=== Section Start ===
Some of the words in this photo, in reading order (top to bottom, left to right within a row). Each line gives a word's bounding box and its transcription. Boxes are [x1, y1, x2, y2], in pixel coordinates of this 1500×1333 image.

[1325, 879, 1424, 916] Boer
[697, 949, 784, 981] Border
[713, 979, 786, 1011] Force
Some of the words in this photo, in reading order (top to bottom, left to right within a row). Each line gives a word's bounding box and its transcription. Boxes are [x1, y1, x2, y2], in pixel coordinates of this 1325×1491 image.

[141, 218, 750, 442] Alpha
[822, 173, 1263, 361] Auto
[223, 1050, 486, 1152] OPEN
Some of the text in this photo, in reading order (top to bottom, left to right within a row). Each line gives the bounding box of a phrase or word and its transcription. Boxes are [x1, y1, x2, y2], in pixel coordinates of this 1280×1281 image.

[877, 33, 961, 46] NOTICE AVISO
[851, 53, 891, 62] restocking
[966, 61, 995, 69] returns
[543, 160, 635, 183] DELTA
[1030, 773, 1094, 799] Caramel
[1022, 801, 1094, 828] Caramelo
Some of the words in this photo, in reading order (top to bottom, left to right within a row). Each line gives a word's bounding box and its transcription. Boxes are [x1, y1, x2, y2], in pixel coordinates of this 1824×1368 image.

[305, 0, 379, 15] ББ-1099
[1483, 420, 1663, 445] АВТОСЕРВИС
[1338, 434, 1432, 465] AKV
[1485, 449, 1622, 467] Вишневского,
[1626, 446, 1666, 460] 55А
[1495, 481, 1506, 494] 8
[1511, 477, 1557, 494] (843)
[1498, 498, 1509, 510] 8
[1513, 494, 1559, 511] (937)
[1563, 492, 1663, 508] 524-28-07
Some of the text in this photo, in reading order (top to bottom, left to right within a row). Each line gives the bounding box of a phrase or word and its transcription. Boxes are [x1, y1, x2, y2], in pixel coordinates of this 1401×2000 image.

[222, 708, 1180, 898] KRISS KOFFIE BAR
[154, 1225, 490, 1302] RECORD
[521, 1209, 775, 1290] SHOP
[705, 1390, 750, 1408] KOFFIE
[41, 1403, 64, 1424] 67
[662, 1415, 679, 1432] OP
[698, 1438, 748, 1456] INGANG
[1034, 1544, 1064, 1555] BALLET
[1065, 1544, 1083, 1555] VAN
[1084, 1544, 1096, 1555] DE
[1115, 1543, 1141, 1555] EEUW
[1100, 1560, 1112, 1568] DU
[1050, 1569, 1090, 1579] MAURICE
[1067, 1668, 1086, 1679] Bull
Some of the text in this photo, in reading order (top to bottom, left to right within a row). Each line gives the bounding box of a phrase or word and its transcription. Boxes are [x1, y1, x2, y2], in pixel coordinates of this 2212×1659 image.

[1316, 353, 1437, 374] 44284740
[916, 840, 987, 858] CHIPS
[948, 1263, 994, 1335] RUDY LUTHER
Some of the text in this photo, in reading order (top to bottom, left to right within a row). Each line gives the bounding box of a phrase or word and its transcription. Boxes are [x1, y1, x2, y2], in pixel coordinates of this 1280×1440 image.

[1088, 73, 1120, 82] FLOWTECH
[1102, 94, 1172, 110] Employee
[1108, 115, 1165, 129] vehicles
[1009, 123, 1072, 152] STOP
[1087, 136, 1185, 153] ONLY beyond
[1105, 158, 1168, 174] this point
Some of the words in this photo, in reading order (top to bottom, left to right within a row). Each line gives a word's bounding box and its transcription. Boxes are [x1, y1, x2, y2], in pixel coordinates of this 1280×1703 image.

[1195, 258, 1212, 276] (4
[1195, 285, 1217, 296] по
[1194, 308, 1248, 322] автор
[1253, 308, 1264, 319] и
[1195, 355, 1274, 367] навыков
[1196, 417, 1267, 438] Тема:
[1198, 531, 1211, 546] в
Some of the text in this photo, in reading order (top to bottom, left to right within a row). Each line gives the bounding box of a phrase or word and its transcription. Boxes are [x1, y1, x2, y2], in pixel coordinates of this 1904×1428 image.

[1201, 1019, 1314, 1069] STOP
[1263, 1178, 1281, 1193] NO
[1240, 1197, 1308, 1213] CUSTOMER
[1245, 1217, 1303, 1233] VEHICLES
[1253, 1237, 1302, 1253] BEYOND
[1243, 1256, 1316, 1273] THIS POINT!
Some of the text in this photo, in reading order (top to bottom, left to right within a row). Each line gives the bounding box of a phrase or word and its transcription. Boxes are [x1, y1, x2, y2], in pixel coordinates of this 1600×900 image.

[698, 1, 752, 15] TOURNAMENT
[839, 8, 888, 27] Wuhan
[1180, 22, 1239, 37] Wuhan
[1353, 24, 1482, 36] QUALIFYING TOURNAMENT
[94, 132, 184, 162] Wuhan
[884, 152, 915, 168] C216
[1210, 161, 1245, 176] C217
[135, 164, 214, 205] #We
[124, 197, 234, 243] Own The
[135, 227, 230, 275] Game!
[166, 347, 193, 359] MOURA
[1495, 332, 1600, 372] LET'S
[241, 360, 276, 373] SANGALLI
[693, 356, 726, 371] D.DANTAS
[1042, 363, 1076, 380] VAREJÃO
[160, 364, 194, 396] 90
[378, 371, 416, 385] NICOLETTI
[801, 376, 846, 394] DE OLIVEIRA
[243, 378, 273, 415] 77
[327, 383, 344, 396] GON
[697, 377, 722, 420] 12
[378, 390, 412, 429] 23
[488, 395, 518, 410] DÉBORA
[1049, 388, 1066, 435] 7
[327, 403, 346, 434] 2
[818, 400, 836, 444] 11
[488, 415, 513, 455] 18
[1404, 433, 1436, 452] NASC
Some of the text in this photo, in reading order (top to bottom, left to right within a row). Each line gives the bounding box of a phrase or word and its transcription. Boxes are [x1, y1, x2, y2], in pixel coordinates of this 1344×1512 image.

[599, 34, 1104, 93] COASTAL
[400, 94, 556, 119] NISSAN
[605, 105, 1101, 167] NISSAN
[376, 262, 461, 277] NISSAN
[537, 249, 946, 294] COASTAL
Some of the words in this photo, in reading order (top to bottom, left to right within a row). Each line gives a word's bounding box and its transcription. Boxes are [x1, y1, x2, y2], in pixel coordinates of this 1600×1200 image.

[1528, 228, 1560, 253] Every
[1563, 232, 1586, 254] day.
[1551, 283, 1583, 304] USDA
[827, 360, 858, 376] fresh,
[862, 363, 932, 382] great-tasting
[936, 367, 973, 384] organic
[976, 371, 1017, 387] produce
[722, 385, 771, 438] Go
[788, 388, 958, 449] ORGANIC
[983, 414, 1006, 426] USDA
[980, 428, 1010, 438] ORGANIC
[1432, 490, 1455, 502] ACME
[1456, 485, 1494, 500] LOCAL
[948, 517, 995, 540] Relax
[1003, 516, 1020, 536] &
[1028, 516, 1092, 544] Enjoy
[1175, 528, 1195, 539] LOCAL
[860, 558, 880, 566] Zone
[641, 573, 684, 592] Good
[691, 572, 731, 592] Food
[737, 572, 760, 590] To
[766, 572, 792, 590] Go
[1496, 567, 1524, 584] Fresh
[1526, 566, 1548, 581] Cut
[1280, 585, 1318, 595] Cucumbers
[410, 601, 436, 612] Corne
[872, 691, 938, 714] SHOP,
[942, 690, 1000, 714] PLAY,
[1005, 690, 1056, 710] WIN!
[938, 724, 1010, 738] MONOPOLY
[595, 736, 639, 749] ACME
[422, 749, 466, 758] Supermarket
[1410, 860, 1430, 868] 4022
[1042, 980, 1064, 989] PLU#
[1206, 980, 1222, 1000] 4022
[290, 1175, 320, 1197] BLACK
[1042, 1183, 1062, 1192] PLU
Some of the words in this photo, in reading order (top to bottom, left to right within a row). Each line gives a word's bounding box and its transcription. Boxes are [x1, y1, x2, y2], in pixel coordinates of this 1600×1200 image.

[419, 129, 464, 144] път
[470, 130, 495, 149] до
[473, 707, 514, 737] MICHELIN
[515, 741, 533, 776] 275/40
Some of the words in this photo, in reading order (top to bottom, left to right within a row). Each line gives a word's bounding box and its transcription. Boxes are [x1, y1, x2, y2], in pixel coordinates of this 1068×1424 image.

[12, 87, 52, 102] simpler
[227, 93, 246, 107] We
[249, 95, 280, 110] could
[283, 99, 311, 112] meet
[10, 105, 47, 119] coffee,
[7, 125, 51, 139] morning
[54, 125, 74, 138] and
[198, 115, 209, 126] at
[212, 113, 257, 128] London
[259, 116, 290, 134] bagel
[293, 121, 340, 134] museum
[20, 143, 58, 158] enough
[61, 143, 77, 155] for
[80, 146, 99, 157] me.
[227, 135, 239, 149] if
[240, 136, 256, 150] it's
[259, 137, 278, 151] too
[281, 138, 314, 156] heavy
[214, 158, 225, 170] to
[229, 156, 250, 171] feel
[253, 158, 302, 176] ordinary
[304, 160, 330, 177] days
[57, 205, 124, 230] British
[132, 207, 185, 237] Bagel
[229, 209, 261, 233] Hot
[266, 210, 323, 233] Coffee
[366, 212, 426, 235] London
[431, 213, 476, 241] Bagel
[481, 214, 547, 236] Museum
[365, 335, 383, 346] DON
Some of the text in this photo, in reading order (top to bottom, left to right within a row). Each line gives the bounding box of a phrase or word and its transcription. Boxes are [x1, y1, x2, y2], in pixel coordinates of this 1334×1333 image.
=== Section End ===
▸ WHAT TO DO:
The answer must be the line containing "this 1068×1424 image." and every line after it to the end of the records, repeated exactly.

▸ OUTPUT OF THE EXERCISE:
Some of the words in this photo, in reading order (top to bottom, left to right within a row). Each line gives a word's bounding box and its transcription. Boxes are [x1, y1, x2, y2], in pixel coordinates of this 1068×1424 image.

[12, 87, 52, 102] simpler
[227, 93, 246, 107] We
[249, 95, 280, 110] could
[283, 99, 311, 112] meet
[10, 105, 47, 119] coffee,
[7, 125, 51, 139] morning
[54, 125, 74, 138] and
[198, 115, 209, 126] at
[212, 113, 257, 128] London
[259, 116, 290, 134] bagel
[293, 121, 340, 134] museum
[20, 143, 58, 158] enough
[61, 143, 77, 155] for
[80, 146, 99, 157] me.
[227, 135, 239, 149] if
[240, 136, 256, 150] it's
[259, 137, 278, 151] too
[281, 138, 314, 156] heavy
[214, 158, 225, 170] to
[229, 156, 250, 171] feel
[253, 158, 302, 176] ordinary
[304, 160, 330, 177] days
[57, 205, 124, 230] British
[132, 207, 185, 237] Bagel
[229, 209, 261, 233] Hot
[266, 210, 323, 233] Coffee
[366, 212, 426, 235] London
[431, 213, 476, 241] Bagel
[481, 214, 547, 236] Museum
[365, 335, 383, 346] DON
Some of the text in this photo, in reading order (top to bottom, left to right within a row). Each line gives the bounding box of a phrase or word and its transcription. Boxes are [x1, y1, x2, y2], in pixel coordinates of this 1334×1333 image.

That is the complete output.